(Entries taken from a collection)
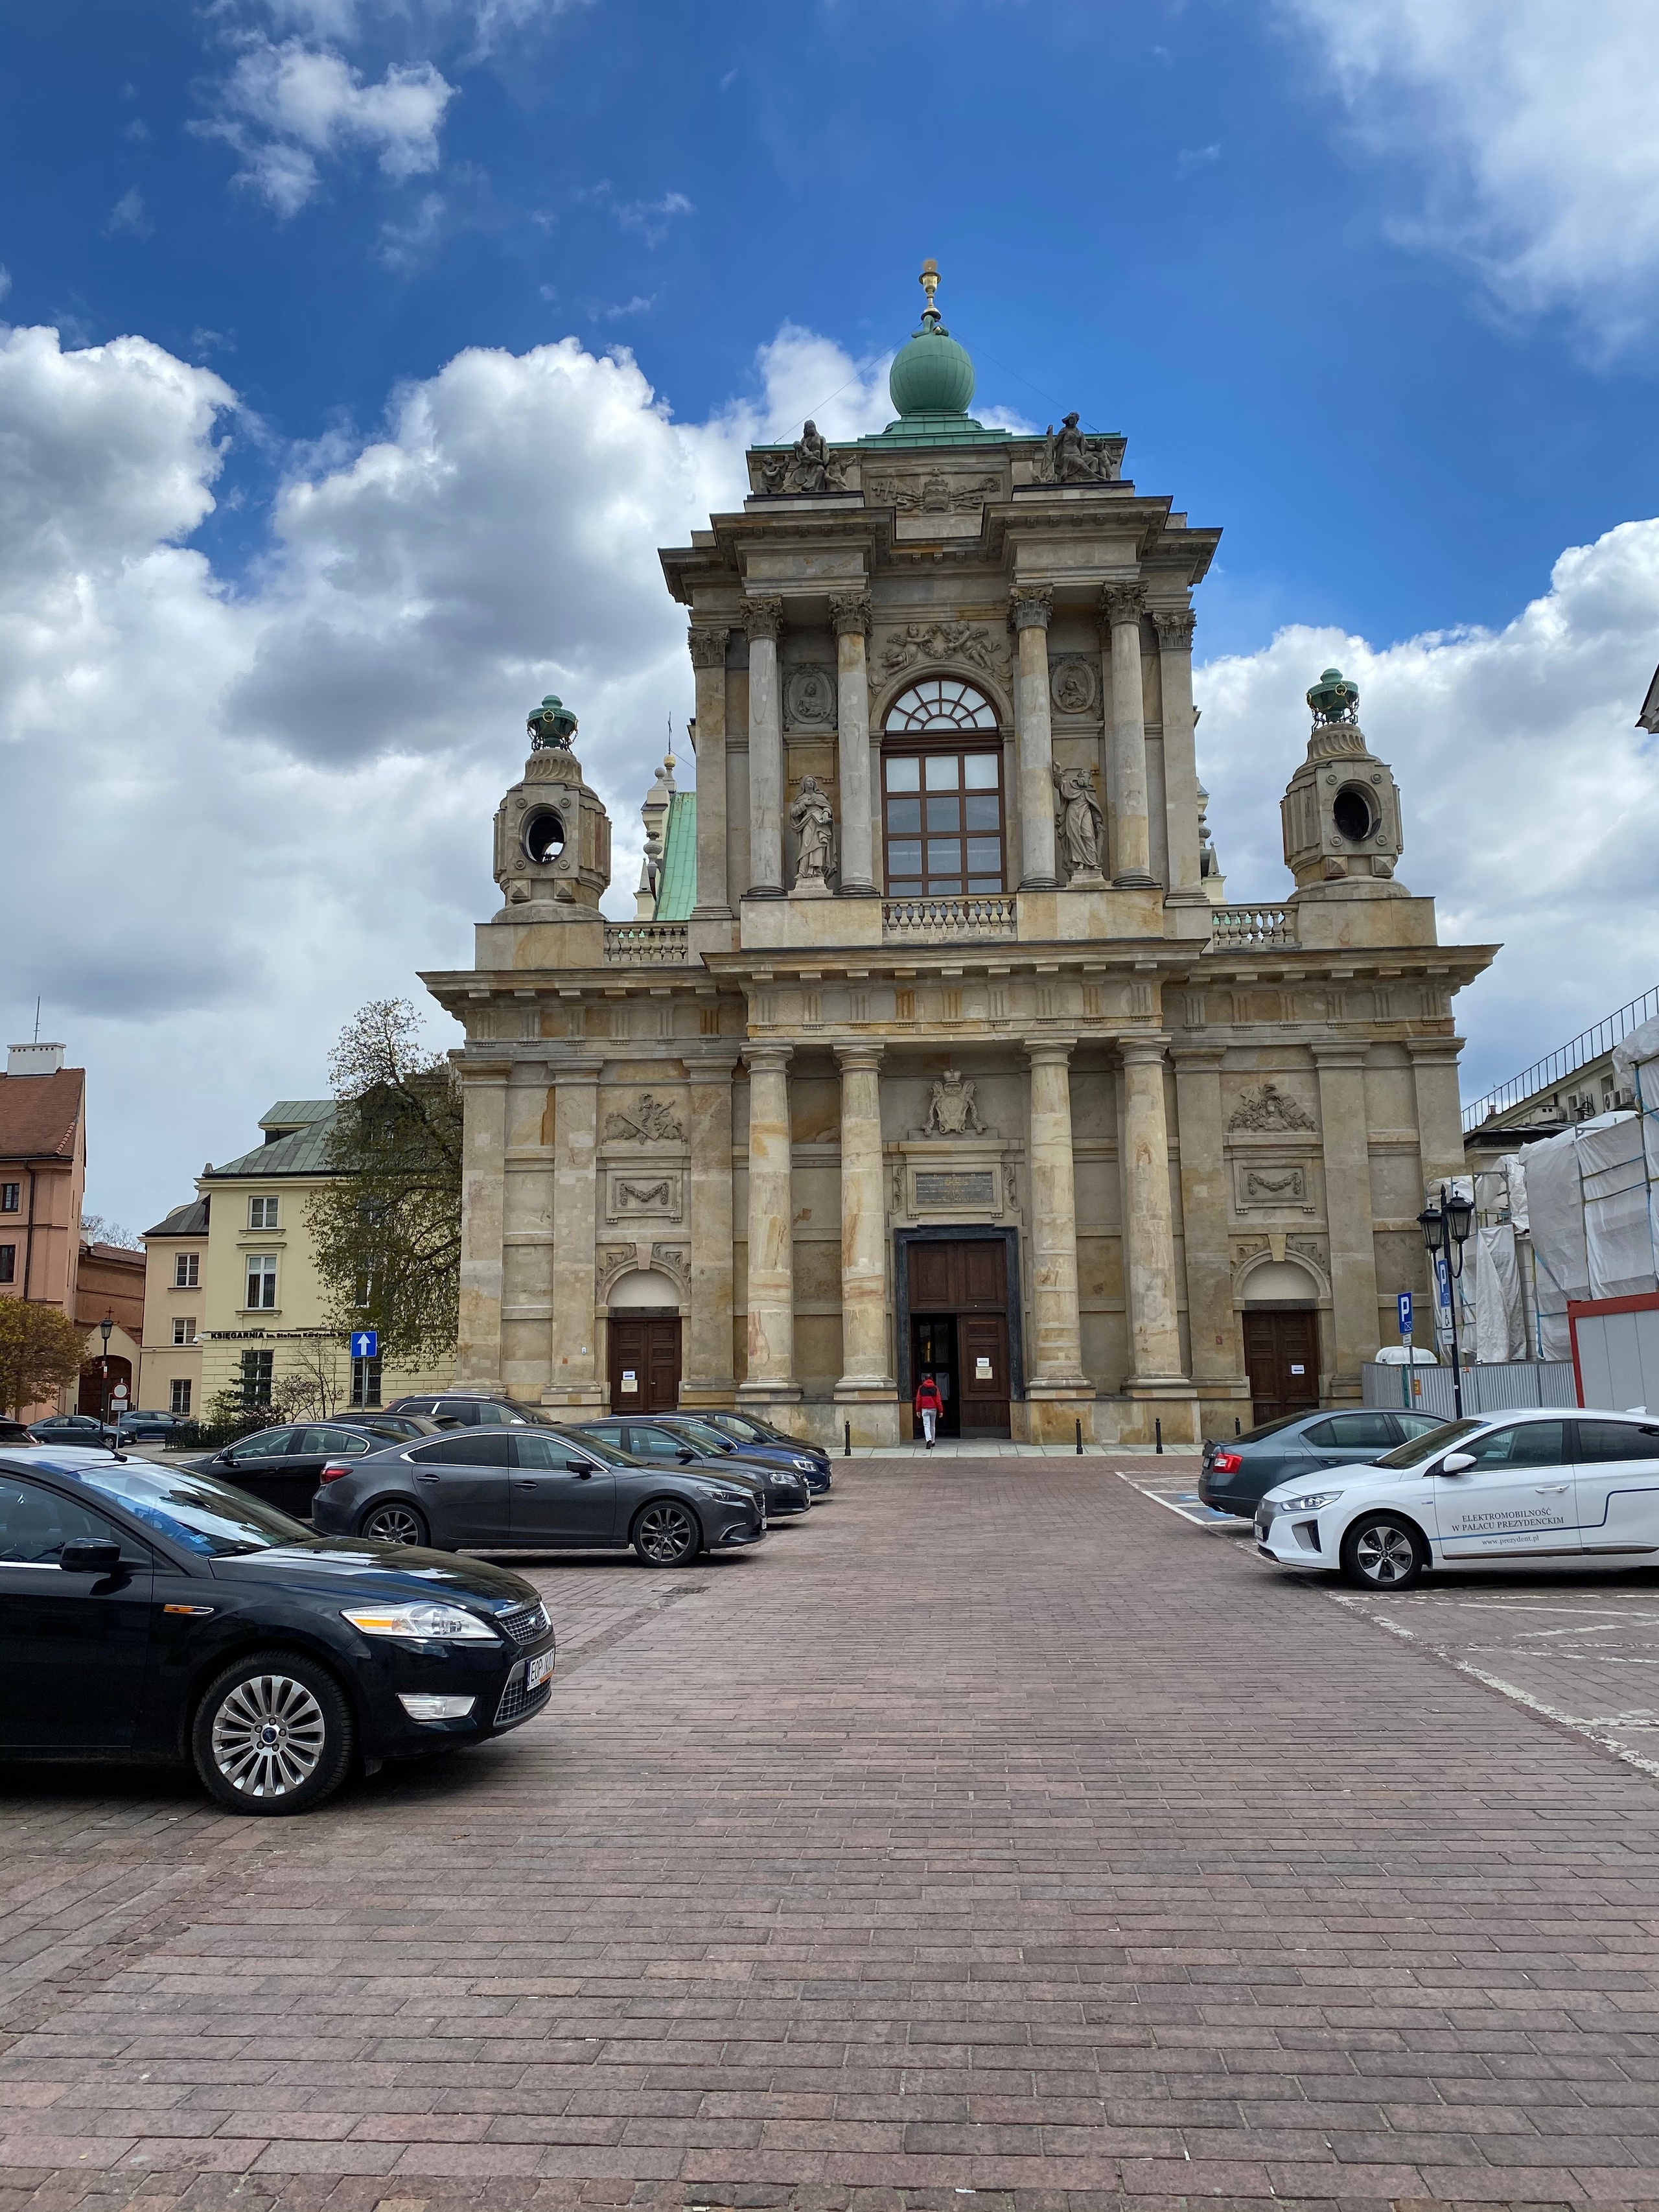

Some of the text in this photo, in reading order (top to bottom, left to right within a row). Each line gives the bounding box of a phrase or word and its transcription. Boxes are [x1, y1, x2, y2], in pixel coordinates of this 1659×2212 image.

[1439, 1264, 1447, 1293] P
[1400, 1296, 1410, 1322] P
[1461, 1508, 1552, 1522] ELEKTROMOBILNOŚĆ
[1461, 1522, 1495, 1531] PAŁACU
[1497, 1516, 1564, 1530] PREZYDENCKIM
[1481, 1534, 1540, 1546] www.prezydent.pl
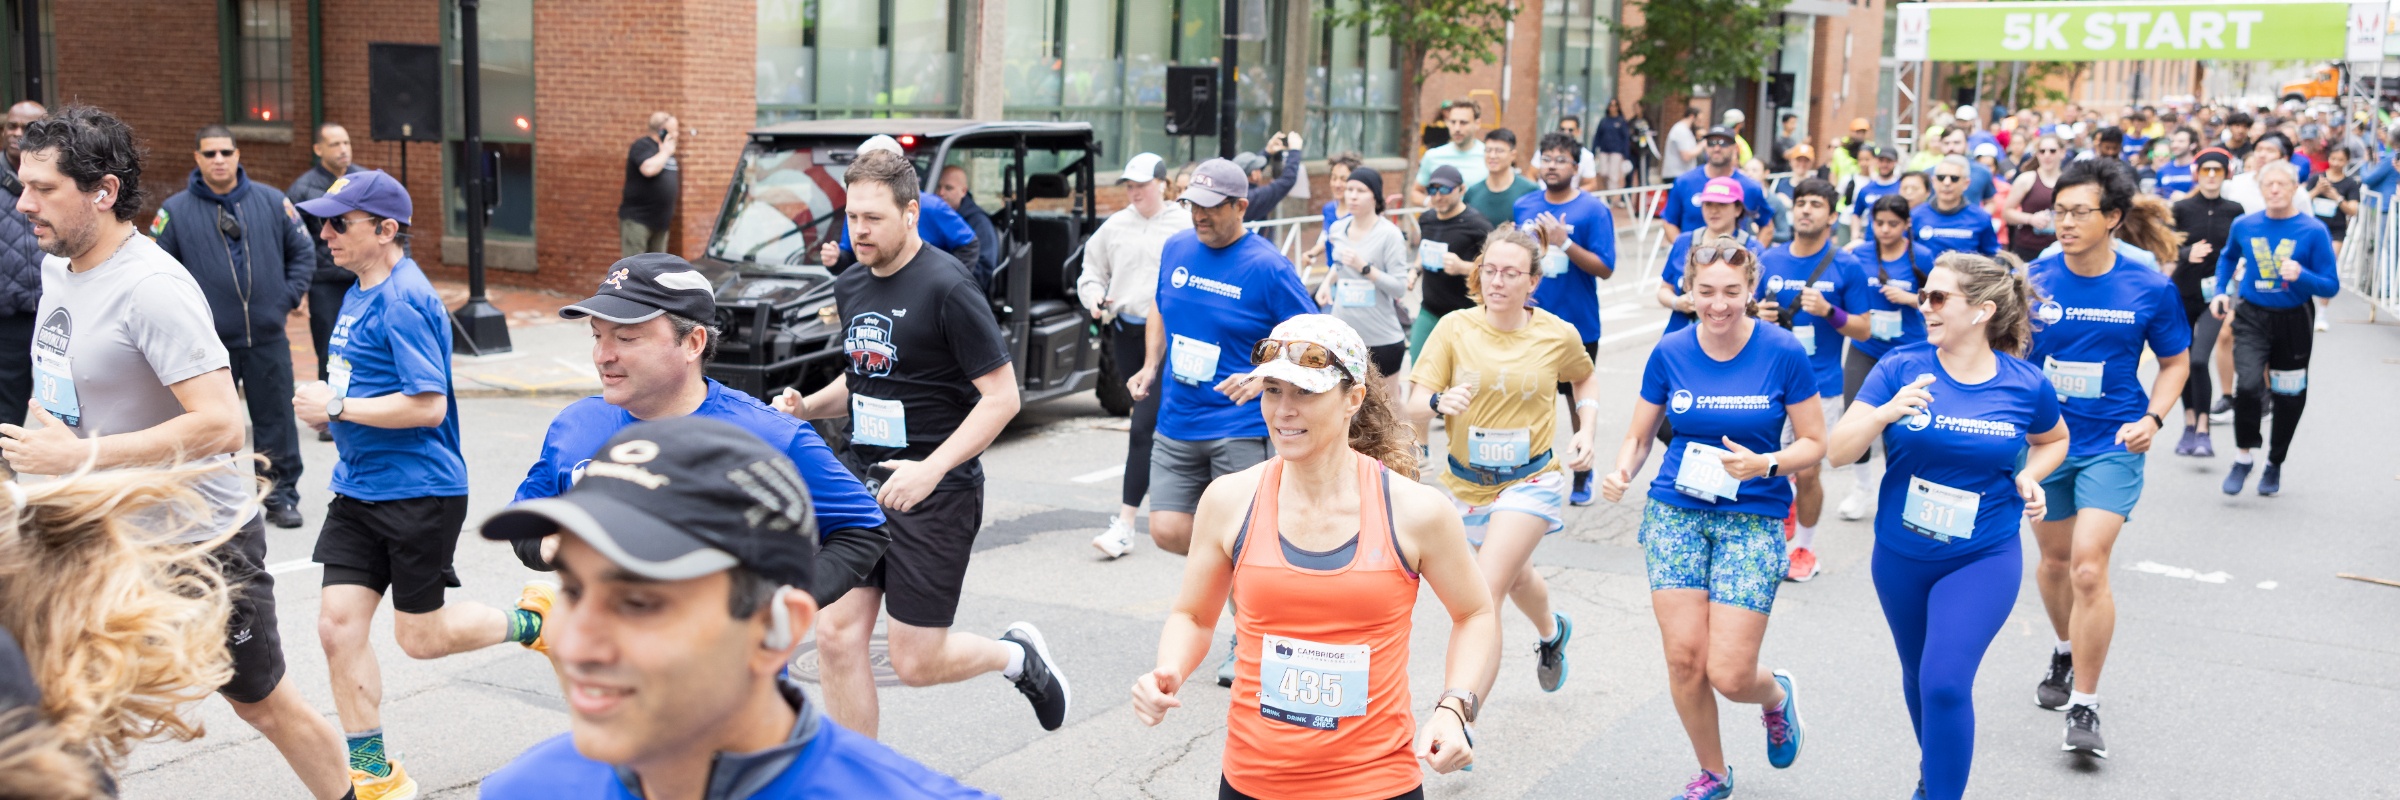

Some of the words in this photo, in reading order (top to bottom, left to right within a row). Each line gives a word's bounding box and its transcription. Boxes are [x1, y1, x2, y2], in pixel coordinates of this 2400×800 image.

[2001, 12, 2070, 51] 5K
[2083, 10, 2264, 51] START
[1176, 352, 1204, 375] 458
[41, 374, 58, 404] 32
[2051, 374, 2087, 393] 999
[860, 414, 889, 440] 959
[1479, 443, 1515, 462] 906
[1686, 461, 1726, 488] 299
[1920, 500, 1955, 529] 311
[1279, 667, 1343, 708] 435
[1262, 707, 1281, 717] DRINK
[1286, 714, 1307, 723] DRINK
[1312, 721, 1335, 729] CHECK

Instructions to follow: Please return every record above exactly, but leave out the pictures.

Written reply:
Some of the text in this photo, in reading order (top to bottom, left to right within a row). Each line gives the bounding box of a phrase or word and its transcription. Boxes are [x1, y1, x2, y2], in pixel coordinates of this 1659×2212 image.

[1439, 1264, 1447, 1293] P
[1400, 1296, 1410, 1322] P
[1461, 1508, 1552, 1522] ELEKTROMOBILNOŚĆ
[1461, 1522, 1495, 1531] PAŁACU
[1497, 1516, 1564, 1530] PREZYDENCKIM
[1481, 1534, 1540, 1546] www.prezydent.pl

Some of the words in this photo, in reading order (top to bottom, left to right within a row). Each line gives a word's bounding box and its transcription. Boxes are [x1, y1, x2, y2], in pixel coordinates of this 2400×800 image.

[2001, 12, 2070, 51] 5K
[2083, 10, 2264, 51] START
[1176, 352, 1204, 375] 458
[41, 374, 58, 404] 32
[2051, 374, 2087, 393] 999
[860, 414, 889, 440] 959
[1479, 443, 1515, 462] 906
[1686, 461, 1726, 488] 299
[1920, 500, 1955, 529] 311
[1279, 667, 1343, 708] 435
[1262, 707, 1281, 717] DRINK
[1286, 714, 1307, 723] DRINK
[1312, 721, 1335, 729] CHECK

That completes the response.